Das Wichtigste in Kürze

  • Das grösste Krankenhaus im Gazastreifen hat keinen Strom mehr und stellt den Betrieb ein.
  • IKRK-Chirurg Tom Potokar berichtet von wachsender Verzweiflung bei den Medizinern.
  • «Die Dinge entwickeln sich vom Schlechten zum Schlimmeren», erklärt er im Videotagebuch.

Palästinensischen Angaben zufolge hat das al-Shifa-Spital in Gaza-Stadt heute seinen Betrieb eingestellt. Demnach ist dem grössten Spital im Gazastreifen der Treibstoff ausgegangen – der Notstromgenerator könne nicht länger betrieben werden.

Allgemein ist die medizinische Versorgungslage im Kriegsgebiet prekär: Bereits am Freitag hatte die Weltgesundheitsorganisation (WHO) mitgeteilt, dass 20 der 36 Krankenhäuser in Gaza nicht mehr betrieben werden könnten.

Israel-Krieg Gaza Gesundheitssystem
Das al-Shifa-Spital in Gaza-Stadt hat keinen Strom mehr: Die grösste Klinik im Gazastreifen musste heute den Betrieb einstellen. (Archivbild) - keystone

Laut einem Mediziner des al-Shifa-Spitals soll inzwischen gar nur noch eine einzige Klinik in Betrieb sein: Das al-Ahli-Krankenhaus, das jüngst in den Schlagzeilen stand, nachdem es vermutlich von einer fehlgezündeten palästinensischen Rakete getroffen wurde.

IKRK-Chirurg Tom Potokar berichtet aus Gaza

Auf X berichtet der IKRK-Chirurg Tom Potokar regelmässig von der wachsenden Verzweiflung unter dem medizinischen Personal im Gazastreifen.

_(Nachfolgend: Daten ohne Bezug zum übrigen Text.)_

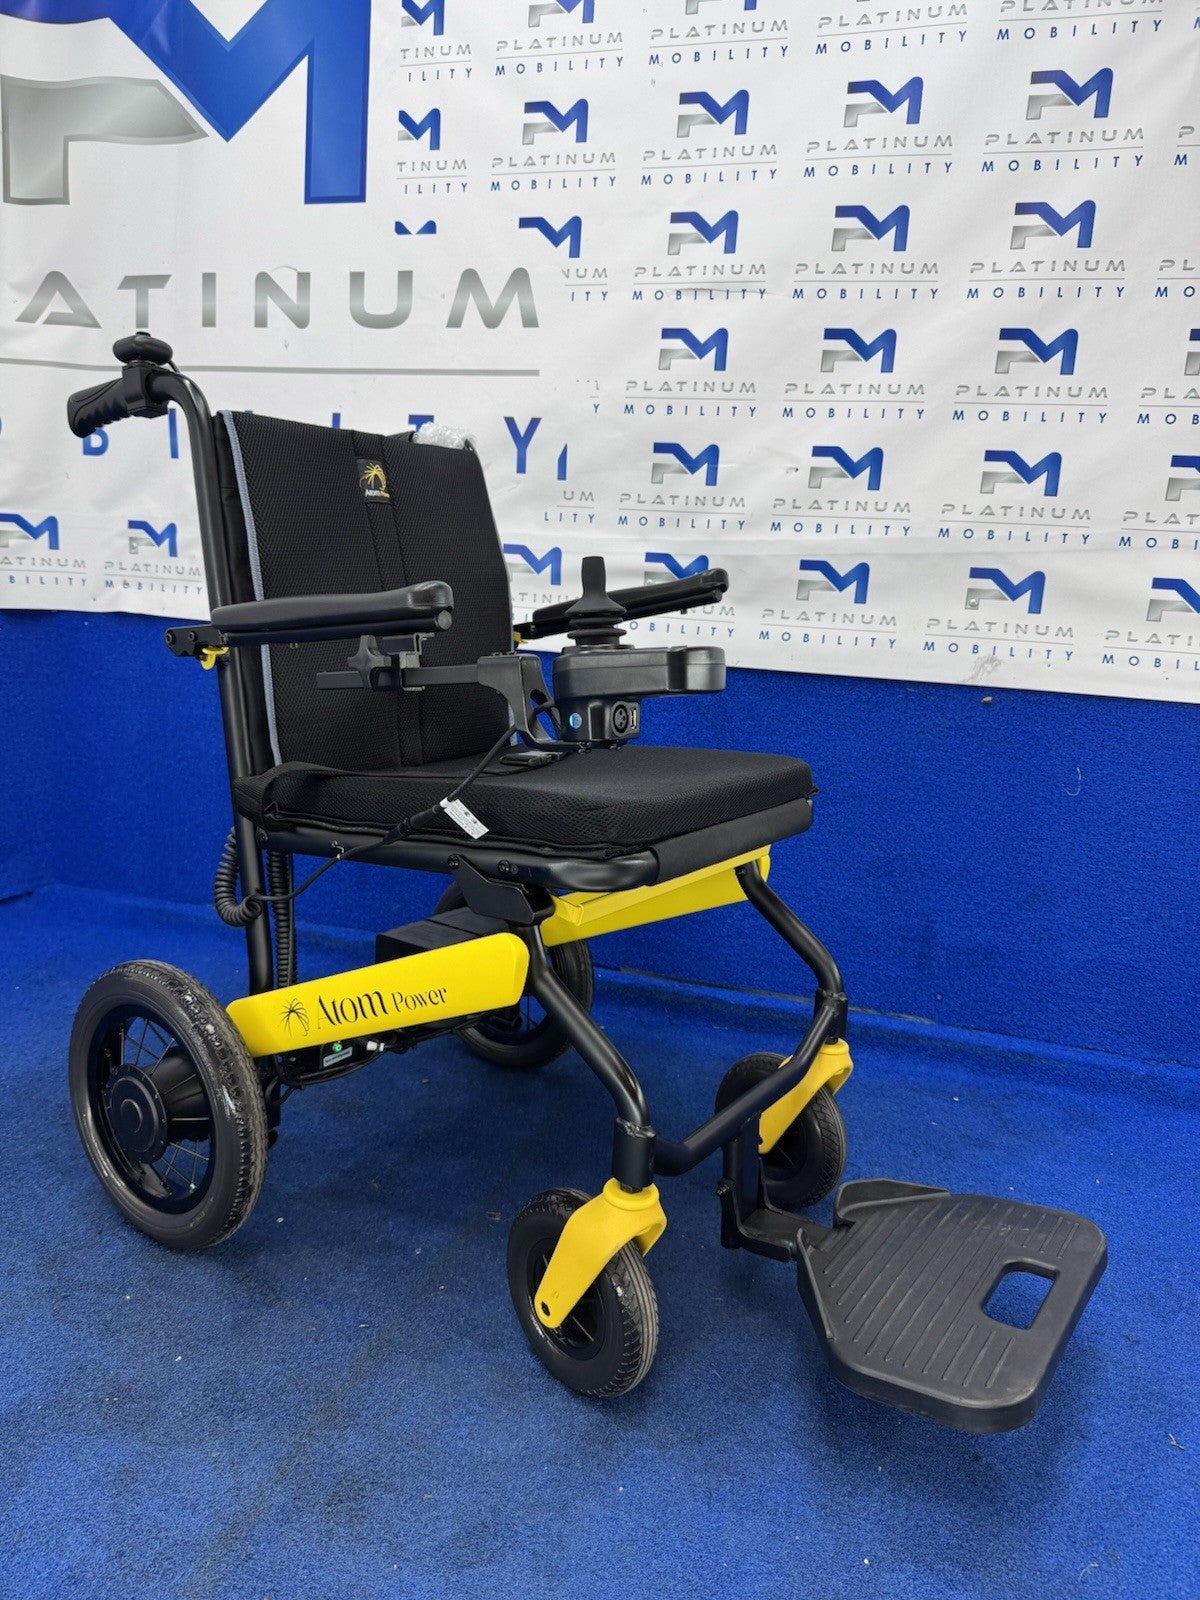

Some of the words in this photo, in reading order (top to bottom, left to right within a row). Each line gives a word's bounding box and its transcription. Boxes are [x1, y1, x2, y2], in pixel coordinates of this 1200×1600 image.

[817, 4, 968, 29] PLATINUM
[650, 19, 789, 41] PLATINUM
[996, 19, 1163, 41] MOBILITY
[496, 31, 624, 53] PLATINUM
[815, 30, 968, 56] MOBILITY
[648, 45, 789, 66] MOBILITY
[495, 56, 624, 77] MOBILITY
[806, 133, 954, 154] PLATINUM
[984, 126, 1145, 147] PLATINUM
[491, 151, 617, 170] PLATINUM
[642, 143, 778, 162] PLATINUM
[803, 161, 953, 178] MOBILITY
[981, 155, 1144, 173] MOBILITY
[490, 175, 617, 193] MOBILITY
[640, 167, 778, 187] MOBILITY
[634, 263, 767, 278] PLATINUM
[794, 261, 940, 276] PLATINUM
[969, 259, 1127, 275] PLATINUM
[631, 289, 767, 301] MOBILITY
[791, 288, 940, 300] MOBILITY
[966, 286, 1127, 300] MOBILITY
[625, 380, 757, 394] PLATINUM
[785, 383, 926, 397] PLATINUM
[955, 384, 1109, 400] PLATINUM
[624, 403, 757, 417] MOBILITY
[782, 407, 925, 421] MOBILITY
[952, 410, 1108, 425] MOBILITY
[620, 492, 746, 508] PLATINUM
[773, 498, 912, 515] PLATINUM
[941, 503, 1092, 521] PLATINUM
[617, 515, 746, 531] MOBILITY
[770, 521, 911, 537] MOBILITY
[938, 527, 1092, 546] MOBILITY
[104, 561, 202, 577] PLATINUM
[761, 608, 898, 627] PLATINUM
[926, 618, 1074, 638] PLATINUM
[758, 631, 898, 649] MOBILITY
[923, 641, 1074, 662] MOBILITY

Die Teams seien zunehmend erschöpft und die Situation werde immer aussichtsloser: Unzureichende Ressourcen, fehlende Elektrizität und Mangel an Materialien zur Behandlung der Patienten.

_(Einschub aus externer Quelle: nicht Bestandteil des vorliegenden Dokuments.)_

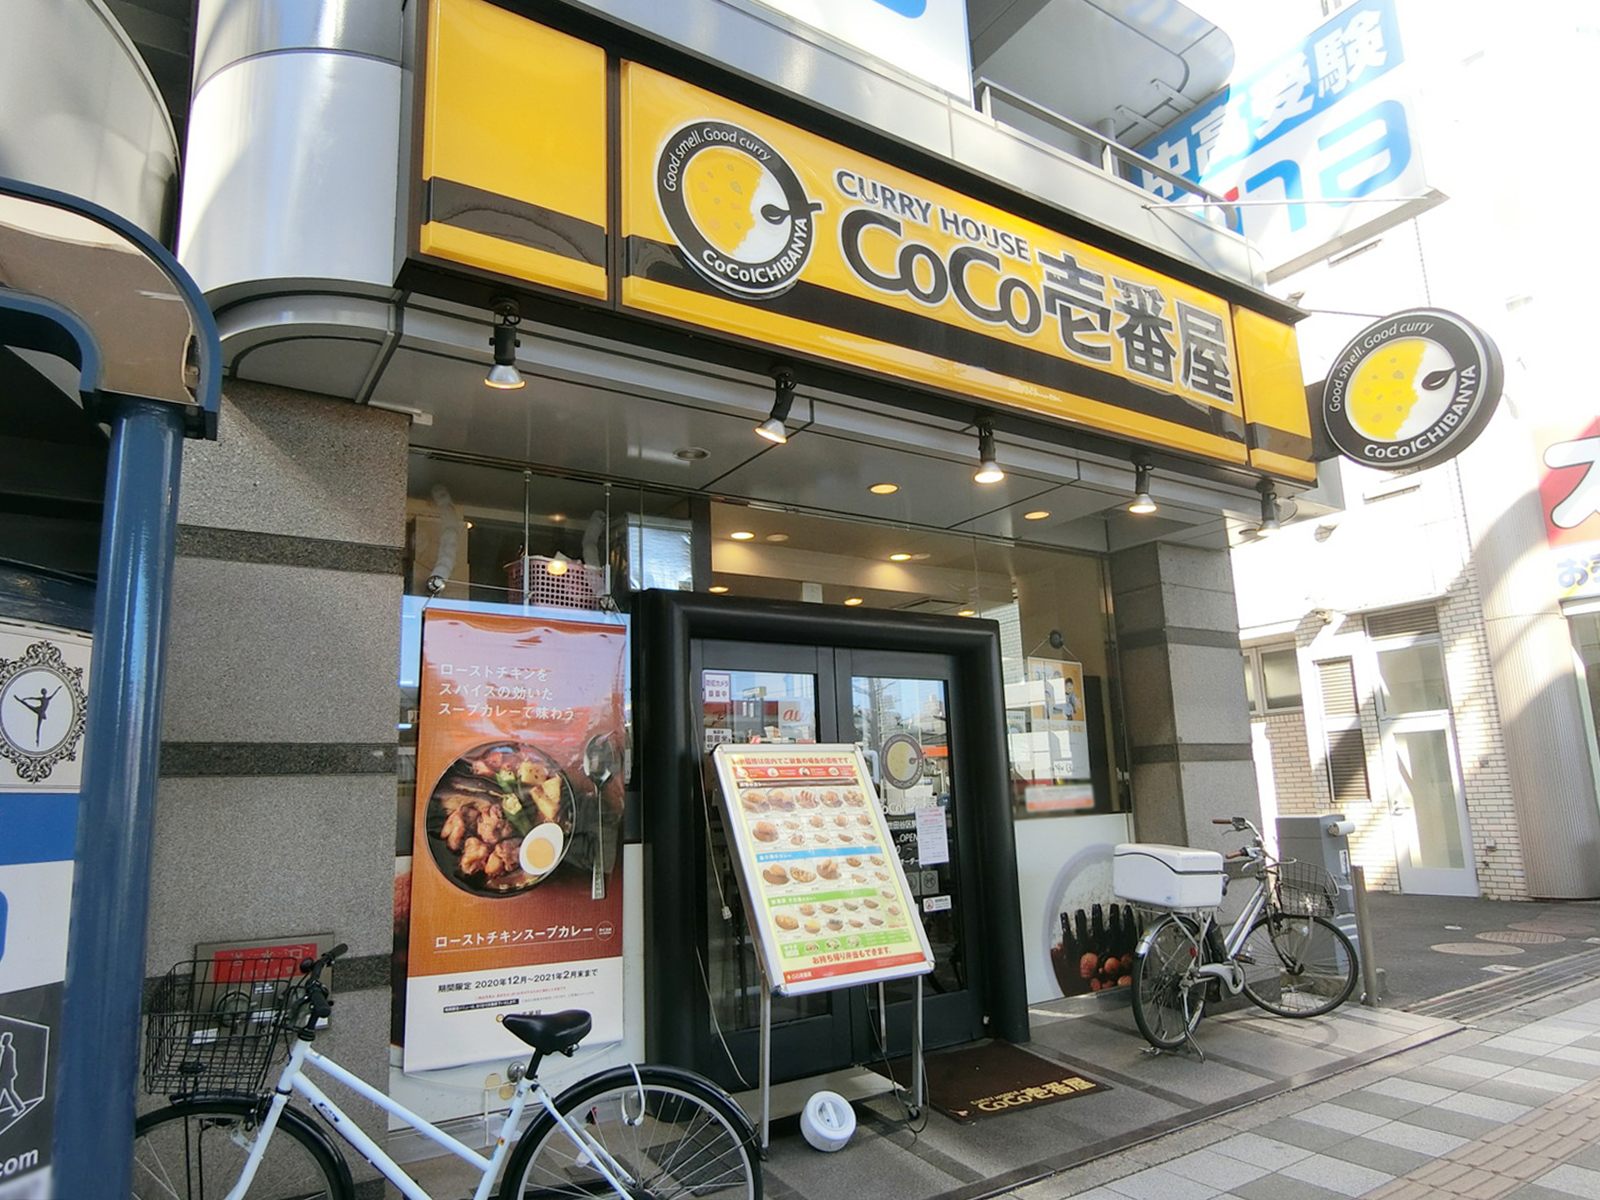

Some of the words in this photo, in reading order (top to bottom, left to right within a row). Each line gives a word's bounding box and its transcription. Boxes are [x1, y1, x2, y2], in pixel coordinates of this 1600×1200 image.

[663, 153, 681, 192] Good
[675, 130, 704, 158] smell.
[703, 128, 737, 143] Good
[739, 137, 771, 161] curry
[834, 168, 933, 222] CURRY
[938, 204, 1031, 262] HOUSE
[702, 217, 807, 283] CoCoICHIBANYA
[839, 206, 1236, 404] CoCo壱番屋
[1329, 379, 1343, 412] Good
[1339, 344, 1365, 378] smell.
[1364, 323, 1398, 349] Good
[1400, 321, 1434, 334] curry
[1364, 364, 1476, 459] CoCoICHIBANYA
[1557, 552, 1600, 588] お
[441, 664, 549, 682] ローストチキンを
[435, 925, 593, 948] ローストチキンスープカレー

«Die Dinge entwickeln sich derzeit vom Schlechten zum Schlimmeren, wenn man sich das überhaupt vorstellen kann. Aber leider ist es das Szenario im Moment», erklärte der Chefchirurg am Donnerstag in seinem Videotagebuch.

Gestern veröffentlichte der auf Brandverletzungen spezialisierte Mediziner einen weiteren Eintrag in seinem Videotagebuch: Nicht nur die Mangellage bereite den Ärzten und Krankenpflegern Sorgen – viele von ihnen hätten wegen israelischen Bombardements Verwandte verloren.

«Während der Operation erhielt unser OP-Krankenpfleger – ein Palästinenser – einen Anruf: Das Haus seines Schwagers und seines Schwiegervaters wurde bei einem israelischen Luftangriff heute Morgen getroffen. Man teilte ihm mit, dass sie beide getötet wurden. Mein orthopädischer Kollege – auch ein Palästinenser – erhielt letzte Woche einen ähnlichen Anruf.»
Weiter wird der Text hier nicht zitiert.